I had the opportunity to spend some time at the tournament this weekend, and, when the dust settled Sunday afternoon, I stood on the court as confetti covered the tournament's champions; the Ohio State Buckeyes defeated a (finally) overmatched Wisconsin squad that had run through Michigan and Indiana in the previous two days. The weekend provided an incredible display of competition from some of the best players in the country.
The Big Ten has been called the most dominant conference in the country, and rightfully so. Unfortunately, the conference's tournament just provided a blueprint for the opponents of each school in the upcoming NCAA tournament.
Is there a school from the Big Ten that's good enough to win it all? Sure. There are probably three or four teams that could make a run to the championship.
Here's what I learned about the universities that will represent the conference in the Big Dance, and where their March Madness could come to an end.
Minnesota - The Golden Gophers are the 11 seed in the South Region, and will face a similarly underwhelming UCLA team in the first round. They lost to Illinois on a buzzer-beater on Thursday morning and were on the bubble. Against a relatively soft Illinois team, the Gophers turned the ball over 19 times. They're 4-7 since the start of February with losses to non-Tournament teams Iowa, Nebraska and Purdue. Their best bet at playing a second game in the tournament is UCLA playing a bad game (which is possible).
Illinois - The Fighting Illini are the 7 seed in the East Region, and will face a good Colorado team in the first round; frankly, the match-up makes sense but the seeds should be swapped. The problem with this Illini team is they play too much individual basketball; there's little - if any - movement and too much isolation. Proof: they had 14 assists in their two games in the conference tournament. They also go through brutal shooting slumps; they shot 25.9 percent from the field in the first half against Indiana. Colorado has a big guard in Spencer Dinwiddie (6-6, 200) who could give Brandon Paul fits. If he doesn't get off early and often, the Illini will be back in Champaign to watch the second round.

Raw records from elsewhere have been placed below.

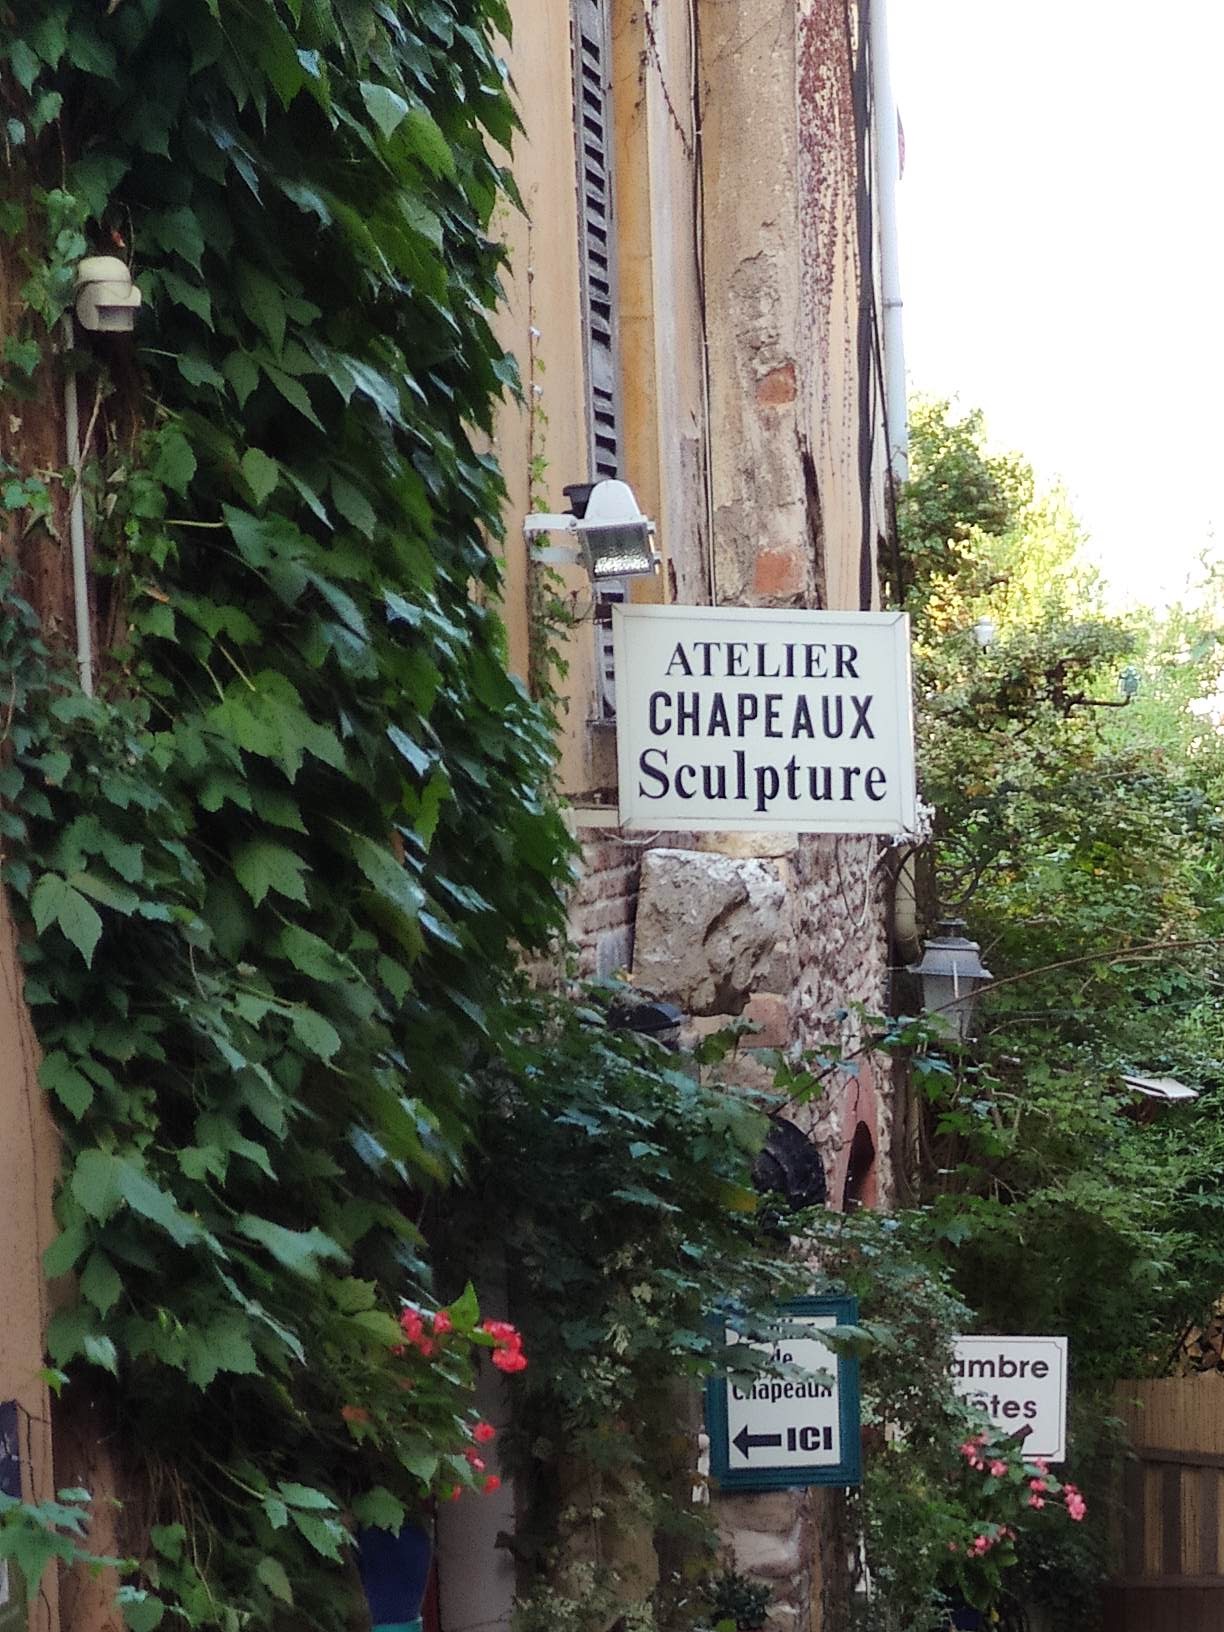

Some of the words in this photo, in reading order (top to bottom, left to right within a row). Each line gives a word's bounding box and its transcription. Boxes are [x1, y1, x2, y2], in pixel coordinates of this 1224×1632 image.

[664, 641, 860, 679] ATELIER
[649, 690, 875, 740] CHAPEAUX
[638, 747, 887, 812] Sculpture
[951, 1354, 1049, 1379] ambre
[787, 1426, 833, 1451] ICI

Wisconsin - After running to the conference championship game, the Badgers wound up a 5 seed in the West. The performance in the conference tournament was surprising and potentially misleading. In their wins over Michigan and Indiana and loss to Ohio State, Wisconson shot only 31 percent (18-58) from downtown after shooting just under 34 percent for the season. Wisconsin was also awful all year from the free throw line, shooting only 63.5 percent from the line as a team. They'll have problems with teams that pressure their guards and move the ball effectively into the post. Unfortunately, their first round opponent - Ole Miss - did both of those well in their upset of Florida to win the SEC Conference Championship on Sunday.

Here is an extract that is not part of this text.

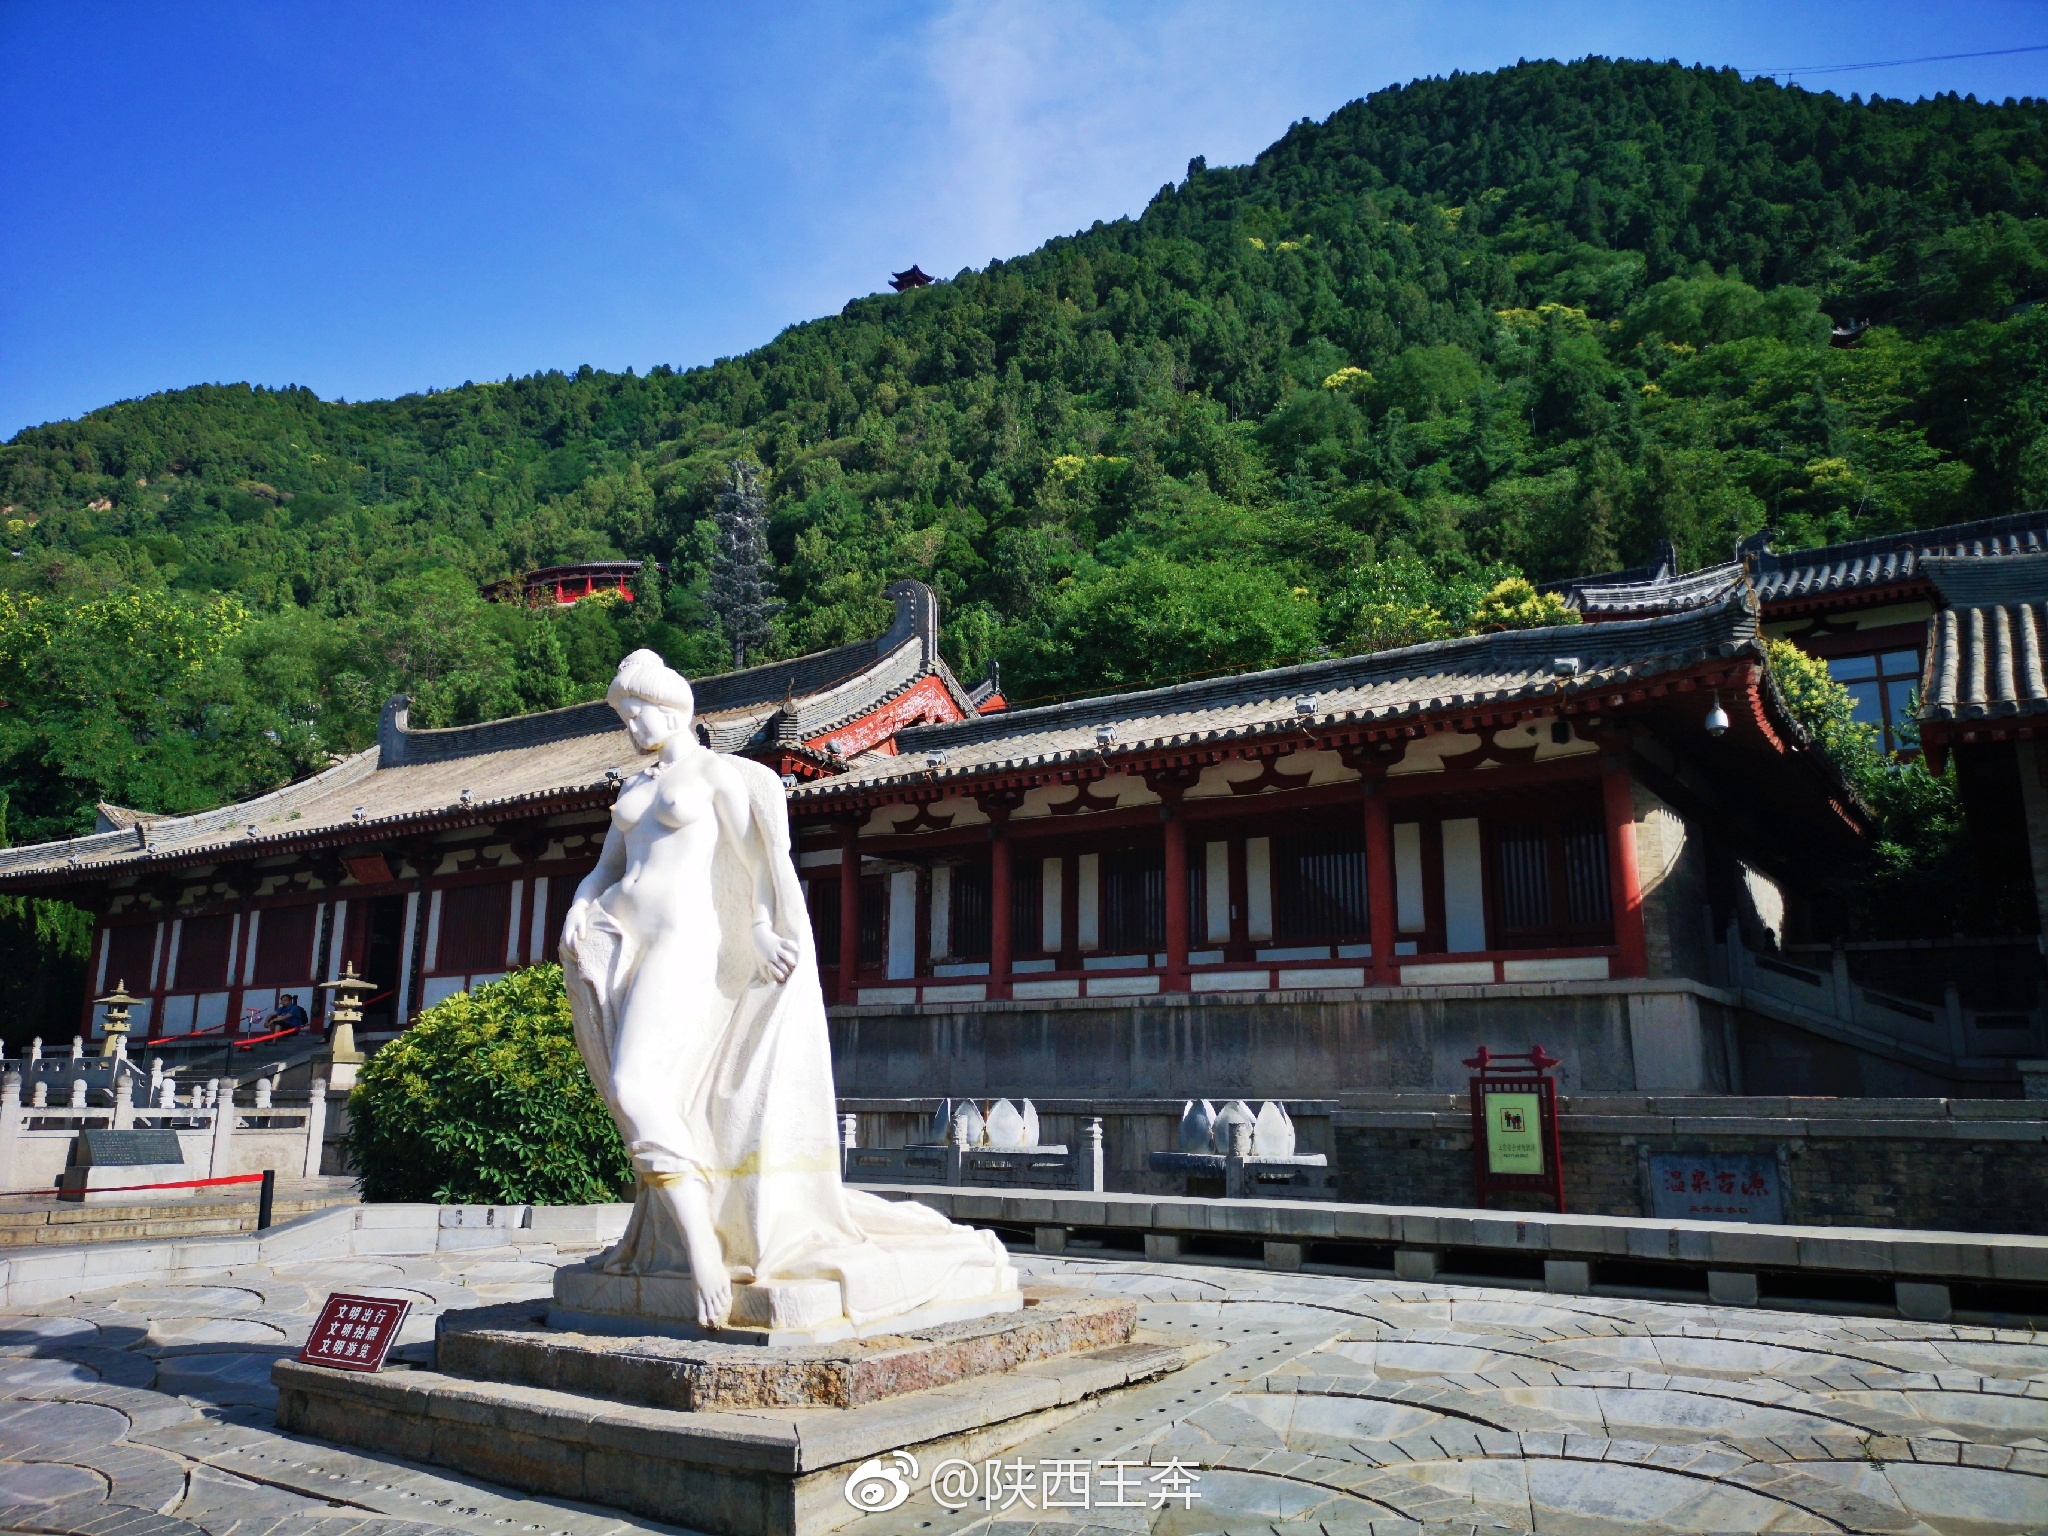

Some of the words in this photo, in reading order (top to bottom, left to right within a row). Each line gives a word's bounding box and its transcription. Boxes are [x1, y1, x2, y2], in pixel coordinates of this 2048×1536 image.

[1663, 1169, 1769, 1197] 温泉古源
[334, 1304, 387, 1324] 文明出行
[326, 1320, 380, 1341] 文明拍照
[318, 1338, 371, 1359] 文明游览

Michigan - The Wolverines were the team everyone used as the headline for the "how deep/good/excellent is the Big Ten this year" story a week ago; they were ranked sixth in the country, but were the fifth seed in their own conference tournament. Now, Michigan is the 4 seed in the South and faces the daunting draw of San Diego State and, if they get through Round One, a potential matchup with a VCU team many are picking as a Final Four team. Michigan might have the most NBA talent on their roster of any Big Ten team, but their defensive lapses could be their undoing (as was the case against Wisconsin on Friday). I'm not sure if it would be more surprising for Michigan to get bounced in the first round or to win the national title.
Michigan State - This is a classic case of a Tom Izzo team underwhelming people early in the season and making a great case for doubters, only to get their act together and turn into a championship contender by the end of the season. Sparty is the 3 seed in the Midwest, and I would argue only Indiana has an easier road to the Sweet 16 among the seven schools from the conference that got into the dance. If they can get that far, State could face games against Duke and Louisville. Louisville's pressure defense is the perfect antidote to what Izzo wants to do.
Ohio State - Ohio State is the 2 seed in the West Region (where Wisconsin was also placed). The tournament champion won a title on Sunday in spite of a mediocre day from the field; the Buckeyes were only 1-16 from three-point range. They have finally started to get secondary scoring, and Aaron Craft is one of the best defensive guards in the country. Size could present the biggest problem for the Buckeyes, and that's exactly what makes New Mexico a nightmare for Ohio State. Their three leading scorers are guards Kendall Williams (6-4) and Tony Snell (6-7) and center Alex Kirk (7-0). Craft is generously listed at only 6-2, and strong inside play has been an issue for Ohio State.
Indiana - As the 1 seed in the East, the Hoosiers have the easiest road to the Elite 8; Syracuse might present their toughest competition before playing for a Final Four berth. If you believe Cody Zeller and Victor Oladipo are NBA lottery picks, they'll need to play to that level for 40 minutes for the Hoosiers to get past a Miami team that could (should) have been a 1 seed in their own right.